Don't kid yourself about ratios. Nappy changing, paperwork, always some kid needing a cuddle more than others etc etc.

When visiting, do they allocate a member of staff to babysit your LO whilst you look around?

Good Nursery - will look after your LO and bring him to you the minute he asks for you.

Bad Nursery - you leave your LO in the room but no-one really makes an effort to include him in play or reassure him (my DS was actaully ignored on a visit and he came screaming after me).

TheLadyP Wed 09-Jul-08 22:56:16

Ask them what system they have in place to make sure that your requests are communicated to all staff looking after your child e.g. is there a whiteboard or something similar? If they promise you soemthing like 'we won't give your baby anything he/she hasn't eaten at home', ask them how they will make sure that won't happen. It's probably been said above but low staff turover is vital. Agree re babyroom - the number of babies in the room is as important as the ratio - when they all start crying it's horrible. Think about visiting some childminders too...

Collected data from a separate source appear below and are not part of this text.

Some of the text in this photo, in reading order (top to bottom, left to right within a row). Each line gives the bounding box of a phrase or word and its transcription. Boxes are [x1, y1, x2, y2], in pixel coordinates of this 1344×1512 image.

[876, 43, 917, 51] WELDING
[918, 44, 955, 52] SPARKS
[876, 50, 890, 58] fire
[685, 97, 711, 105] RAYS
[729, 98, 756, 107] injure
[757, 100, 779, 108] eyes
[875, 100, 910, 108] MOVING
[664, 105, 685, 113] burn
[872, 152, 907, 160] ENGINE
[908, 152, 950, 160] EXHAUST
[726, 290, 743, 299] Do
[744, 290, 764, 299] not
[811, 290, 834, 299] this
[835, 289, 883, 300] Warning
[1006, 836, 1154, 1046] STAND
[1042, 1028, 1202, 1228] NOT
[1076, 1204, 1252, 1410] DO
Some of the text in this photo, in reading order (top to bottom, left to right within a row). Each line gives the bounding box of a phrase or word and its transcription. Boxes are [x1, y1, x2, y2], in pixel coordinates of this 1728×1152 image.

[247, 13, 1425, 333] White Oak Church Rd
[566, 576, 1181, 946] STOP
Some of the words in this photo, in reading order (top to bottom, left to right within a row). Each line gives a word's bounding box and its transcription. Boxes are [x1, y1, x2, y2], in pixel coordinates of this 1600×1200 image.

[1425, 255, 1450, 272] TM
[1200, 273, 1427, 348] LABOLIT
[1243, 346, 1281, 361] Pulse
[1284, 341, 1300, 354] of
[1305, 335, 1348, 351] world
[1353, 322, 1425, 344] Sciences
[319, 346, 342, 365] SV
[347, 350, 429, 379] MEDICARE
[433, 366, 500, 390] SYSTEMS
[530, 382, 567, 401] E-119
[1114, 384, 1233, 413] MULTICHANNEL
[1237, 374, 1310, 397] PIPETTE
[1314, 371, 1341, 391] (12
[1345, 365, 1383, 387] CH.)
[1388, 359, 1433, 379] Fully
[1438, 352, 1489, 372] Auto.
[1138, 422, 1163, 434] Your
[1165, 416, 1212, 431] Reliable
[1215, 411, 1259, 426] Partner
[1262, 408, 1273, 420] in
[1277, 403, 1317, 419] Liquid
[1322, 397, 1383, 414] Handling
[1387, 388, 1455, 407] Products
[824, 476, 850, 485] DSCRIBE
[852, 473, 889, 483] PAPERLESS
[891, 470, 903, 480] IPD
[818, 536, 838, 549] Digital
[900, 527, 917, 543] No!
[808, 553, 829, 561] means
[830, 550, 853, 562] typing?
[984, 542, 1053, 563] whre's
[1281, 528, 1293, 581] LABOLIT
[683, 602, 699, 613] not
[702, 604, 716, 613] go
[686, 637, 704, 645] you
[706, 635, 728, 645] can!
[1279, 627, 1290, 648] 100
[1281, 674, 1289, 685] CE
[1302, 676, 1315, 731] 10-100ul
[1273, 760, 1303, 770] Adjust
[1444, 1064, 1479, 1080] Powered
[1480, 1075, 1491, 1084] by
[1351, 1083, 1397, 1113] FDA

Pinchypants Thu 10-Jul-08 11:11:35

As well as all the very good advice on here, the best question I asked was 'what's your philosophy?' Sounds a bit airy-fairy but they should be able to sum up for you what the nursery is all about, what their approach is like etc. If it's the right nursery for you, you should get a good feel from how they respond to that, as well as things you pick up from the visit and the way they interact with your DC on the day. As well as Ofsted, your gut is a good indicator.

We saw two nurseries when DD was seven months old. When I asked the first one what their philosophy was, the manager (a mum with a DS the same age as my baba, who attends the nursery too) said it was 'all about being a family'. And it really is - lots of sensible grown-up mums working there as well as the younger ones who the kids adore. And this is an Asquith nursery - they haven't always had a great rep but DD is now nearly two and literally runs in without saying goodbye most mornings and I know that she is loved and gets lots of cuddles. The other nursery we looked at just didn't feel right to us - fraction too many very young staff, and although the facilities are far better, it didn't feel so homely. I have very good friends with DCs at both nurseries who were both happy - just went with my gut instinct in the end.

HTH, and good luck finding somewhere where you can relax knowing your DC is happy and being looked after. They are out there!

asicsgirl Thu 10-Jul-08 16:30:45

agree with pinchy re. gut feeling - look at several if poss - trust your instincts - good luck!